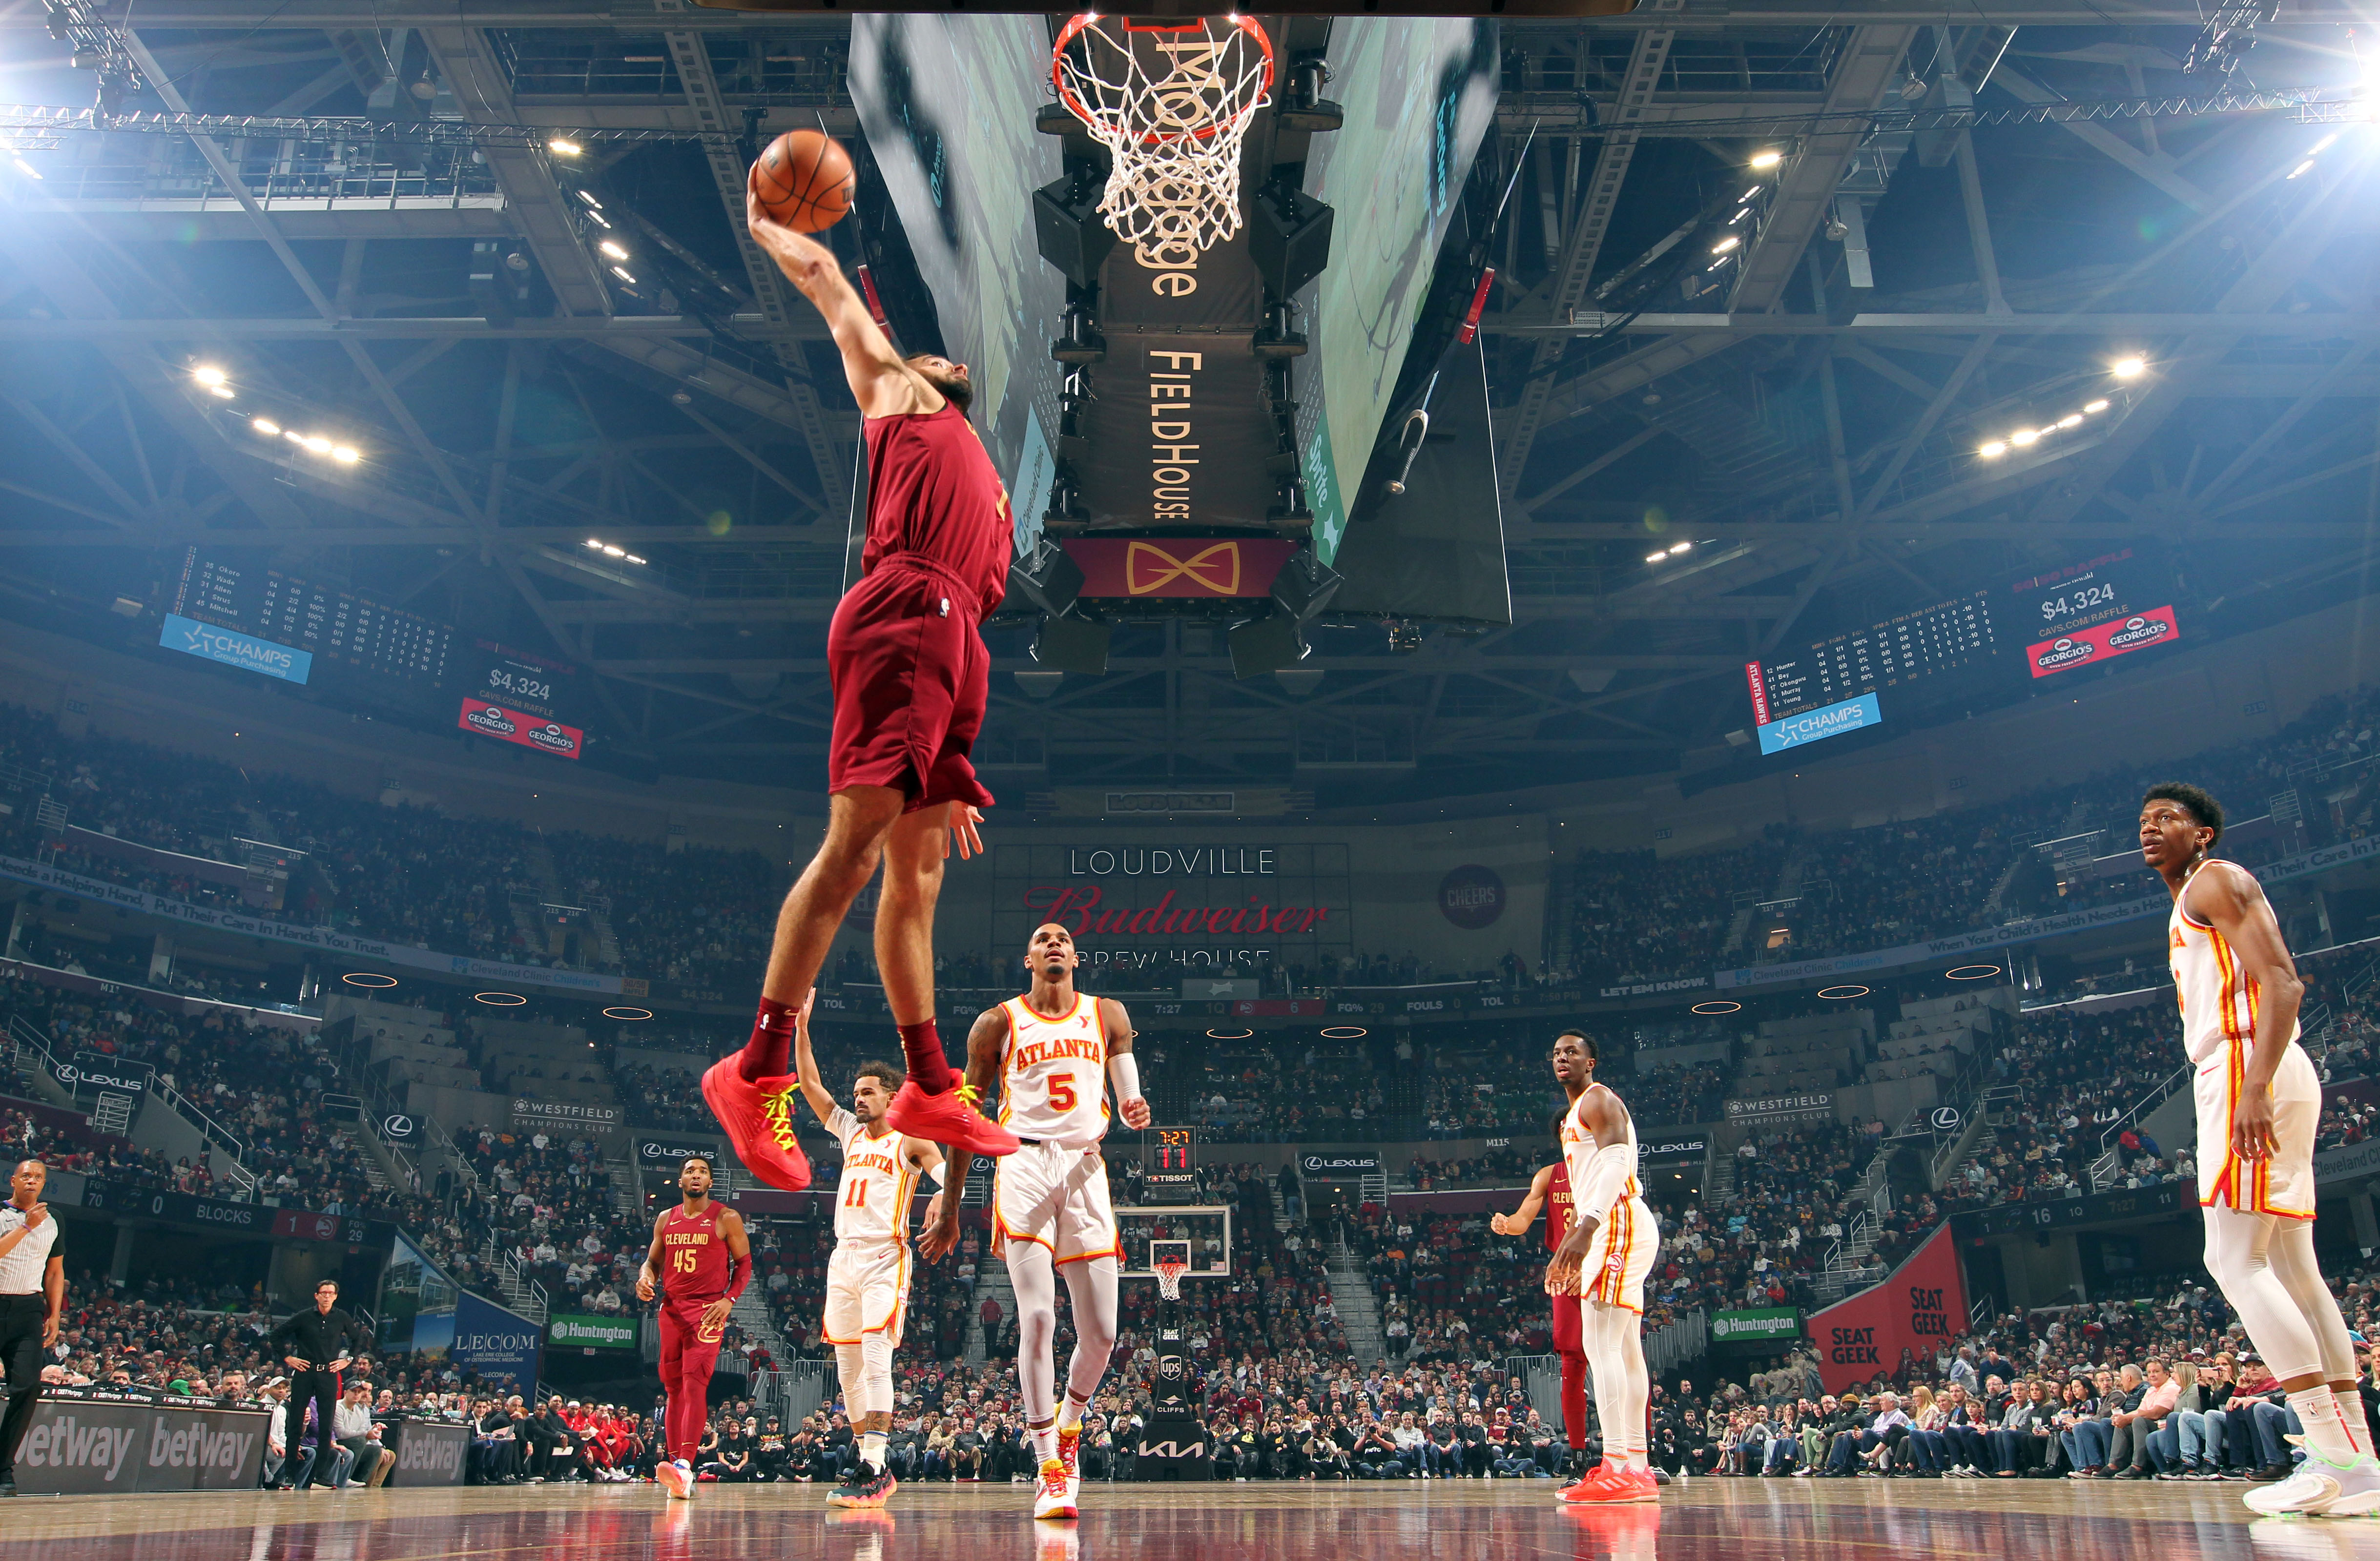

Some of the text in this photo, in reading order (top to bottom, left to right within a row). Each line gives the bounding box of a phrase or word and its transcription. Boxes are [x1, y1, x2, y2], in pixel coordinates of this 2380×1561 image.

[1134, 41, 1227, 297] Motgage
[1150, 350, 1202, 520] FIELDHOUSE
[1309, 434, 1327, 508] Sprite
[1023, 444, 1044, 528] Cleveland Clinic
[216, 575, 235, 586] Wade
[219, 566, 240, 577] Okoro
[212, 594, 231, 604] Strus
[214, 585, 232, 595] Allen
[209, 603, 238, 616] Mitchell
[2041, 583, 2114, 621] $4,324
[2110, 623, 2167, 646] GEORGIO'S
[215, 636, 292, 668] CHAMPS
[2038, 644, 2093, 667] GEORGIO'S
[213, 650, 287, 677] Group Purchasing
[1776, 661, 1796, 672] Hunter
[489, 668, 550, 700] $4,324
[1778, 672, 1789, 680] Bey
[1780, 676, 1806, 688] Okongwu
[1749, 664, 1767, 724] ATLANTA HAWKS
[1781, 686, 1801, 697] Murray
[1782, 695, 1801, 705] Young
[1774, 702, 1818, 719] TEAM TOTALS
[1799, 704, 1863, 733] CHAMPS
[468, 713, 515, 733] GEORGIO'S
[1802, 719, 1863, 741] Group Purchasing
[529, 730, 574, 748] GEORGIO'S
[1072, 848, 1274, 875] LOUDVILLE
[2268, 843, 2368, 877] Their Care In
[1447, 886, 1496, 907] CHEERS
[41, 871, 50, 880] a
[54, 872, 104, 898] Helping
[108, 886, 145, 906] Hand,
[155, 899, 179, 914] Put
[182, 905, 217, 924] Their
[221, 915, 254, 931] Care
[259, 921, 272, 934] In
[276, 925, 319, 943] Hands
[324, 933, 348, 949] You
[353, 939, 390, 956] Trust.
[1024, 885, 1328, 938] Budweiser
[1928, 937, 1964, 953] When
[1966, 932, 1993, 946] Your
[1997, 923, 2040, 941] Child's
[2043, 913, 2086, 931] Health
[2088, 906, 2130, 923] Needs
[2133, 905, 2141, 914] a
[471, 964, 600, 987] Cleveland Clinic Children's
[1754, 955, 1883, 980] Cleveland Clinic Children's
[624, 979, 646, 988] 50/50
[1600, 978, 1708, 997] LET EM KNOW.
[823, 999, 846, 1009] TOL
[953, 1006, 979, 1015] FG%
[1155, 1004, 1182, 1014] 7:27
[1205, 1003, 1225, 1014] 1Q
[1290, 1002, 1299, 1013] 6
[1338, 1003, 1363, 1012] FG%
[1369, 1003, 1385, 1014] 29
[1407, 1000, 1444, 1011] FOULS
[1481, 996, 1504, 1006] TOL
[1017, 1039, 1100, 1072] ATLANTA
[80, 1071, 142, 1091] LEXUS
[1047, 1073, 1077, 1113] 5
[1745, 1094, 1829, 1110] WESTFIELD
[532, 1103, 614, 1119] WESTFIELD
[1733, 1111, 1830, 1127] CHAMPIONS CLUB
[514, 1118, 613, 1133] CHAMPIONS CLUB
[1159, 1130, 1189, 1145] 7:27
[1487, 1138, 1510, 1147] M115
[1652, 1142, 1703, 1153] LEXUS
[844, 1153, 893, 1175] ATLANTA
[1163, 1147, 1186, 1169] 11
[1324, 1159, 1375, 1168] LEXUS
[89, 1193, 103, 1207] 70
[845, 1179, 869, 1208] 11
[2158, 1193, 2172, 1204] 11
[152, 1195, 164, 1214] 0
[2070, 1208, 2083, 1218] 1Q
[2108, 1198, 2136, 1212] 7:27
[197, 1205, 251, 1224] BLOCKS
[2031, 1209, 2051, 1224] 16
[290, 1216, 296, 1232] 1
[349, 1230, 363, 1242] 29
[665, 1233, 708, 1246] CLEVELAND
[674, 1249, 697, 1273] 45
[1910, 1287, 1943, 1311] SEAT
[569, 1322, 632, 1342] Huntington
[1730, 1317, 1794, 1334] Huntington
[1912, 1313, 1951, 1337] GEEK
[1832, 1327, 1875, 1345] SEAT
[1832, 1346, 1882, 1365] GEEK
[1162, 1363, 1180, 1376] ups
[149, 1417, 253, 1480] betway
[398, 1425, 465, 1481] betway

What you need to do: Pictures are to be left out; set down everything else in the records exactly.

Written answer:
Some of the text in this photo, in reading order (top to bottom, left to right within a row). Each line gives the bounding box of a phrase or word and its transcription. Boxes are [x1, y1, x2, y2], in pixel coordinates of this 2380×1561 image.

[1134, 41, 1227, 297] Motgage
[1150, 350, 1202, 520] FIELDHOUSE
[1309, 434, 1327, 508] Sprite
[1023, 444, 1044, 528] Cleveland Clinic
[216, 575, 235, 586] Wade
[219, 566, 240, 577] Okoro
[212, 594, 231, 604] Strus
[214, 585, 232, 595] Allen
[209, 603, 238, 616] Mitchell
[2041, 583, 2114, 621] $4,324
[2110, 623, 2167, 646] GEORGIO'S
[215, 636, 292, 668] CHAMPS
[2038, 644, 2093, 667] GEORGIO'S
[213, 650, 287, 677] Group Purchasing
[1776, 661, 1796, 672] Hunter
[489, 668, 550, 700] $4,324
[1778, 672, 1789, 680] Bey
[1780, 676, 1806, 688] Okongwu
[1749, 664, 1767, 724] ATLANTA HAWKS
[1781, 686, 1801, 697] Murray
[1782, 695, 1801, 705] Young
[1774, 702, 1818, 719] TEAM TOTALS
[1799, 704, 1863, 733] CHAMPS
[468, 713, 515, 733] GEORGIO'S
[1802, 719, 1863, 741] Group Purchasing
[529, 730, 574, 748] GEORGIO'S
[1072, 848, 1274, 875] LOUDVILLE
[2268, 843, 2368, 877] Their Care In
[1447, 886, 1496, 907] CHEERS
[41, 871, 50, 880] a
[54, 872, 104, 898] Helping
[108, 886, 145, 906] Hand,
[155, 899, 179, 914] Put
[182, 905, 217, 924] Their
[221, 915, 254, 931] Care
[259, 921, 272, 934] In
[276, 925, 319, 943] Hands
[324, 933, 348, 949] You
[353, 939, 390, 956] Trust.
[1024, 885, 1328, 938] Budweiser
[1928, 937, 1964, 953] When
[1966, 932, 1993, 946] Your
[1997, 923, 2040, 941] Child's
[2043, 913, 2086, 931] Health
[2088, 906, 2130, 923] Needs
[2133, 905, 2141, 914] a
[471, 964, 600, 987] Cleveland Clinic Children's
[1754, 955, 1883, 980] Cleveland Clinic Children's
[624, 979, 646, 988] 50/50
[1600, 978, 1708, 997] LET EM KNOW.
[823, 999, 846, 1009] TOL
[953, 1006, 979, 1015] FG%
[1155, 1004, 1182, 1014] 7:27
[1205, 1003, 1225, 1014] 1Q
[1290, 1002, 1299, 1013] 6
[1338, 1003, 1363, 1012] FG%
[1369, 1003, 1385, 1014] 29
[1407, 1000, 1444, 1011] FOULS
[1481, 996, 1504, 1006] TOL
[1017, 1039, 1100, 1072] ATLANTA
[80, 1071, 142, 1091] LEXUS
[1047, 1073, 1077, 1113] 5
[1745, 1094, 1829, 1110] WESTFIELD
[532, 1103, 614, 1119] WESTFIELD
[1733, 1111, 1830, 1127] CHAMPIONS CLUB
[514, 1118, 613, 1133] CHAMPIONS CLUB
[1159, 1130, 1189, 1145] 7:27
[1487, 1138, 1510, 1147] M115
[1652, 1142, 1703, 1153] LEXUS
[844, 1153, 893, 1175] ATLANTA
[1163, 1147, 1186, 1169] 11
[1324, 1159, 1375, 1168] LEXUS
[89, 1193, 103, 1207] 70
[845, 1179, 869, 1208] 11
[2158, 1193, 2172, 1204] 11
[152, 1195, 164, 1214] 0
[2070, 1208, 2083, 1218] 1Q
[2108, 1198, 2136, 1212] 7:27
[197, 1205, 251, 1224] BLOCKS
[2031, 1209, 2051, 1224] 16
[290, 1216, 296, 1232] 1
[349, 1230, 363, 1242] 29
[665, 1233, 708, 1246] CLEVELAND
[674, 1249, 697, 1273] 45
[1910, 1287, 1943, 1311] SEAT
[569, 1322, 632, 1342] Huntington
[1730, 1317, 1794, 1334] Huntington
[1912, 1313, 1951, 1337] GEEK
[1832, 1327, 1875, 1345] SEAT
[1832, 1346, 1882, 1365] GEEK
[1162, 1363, 1180, 1376] ups
[149, 1417, 253, 1480] betway
[398, 1425, 465, 1481] betway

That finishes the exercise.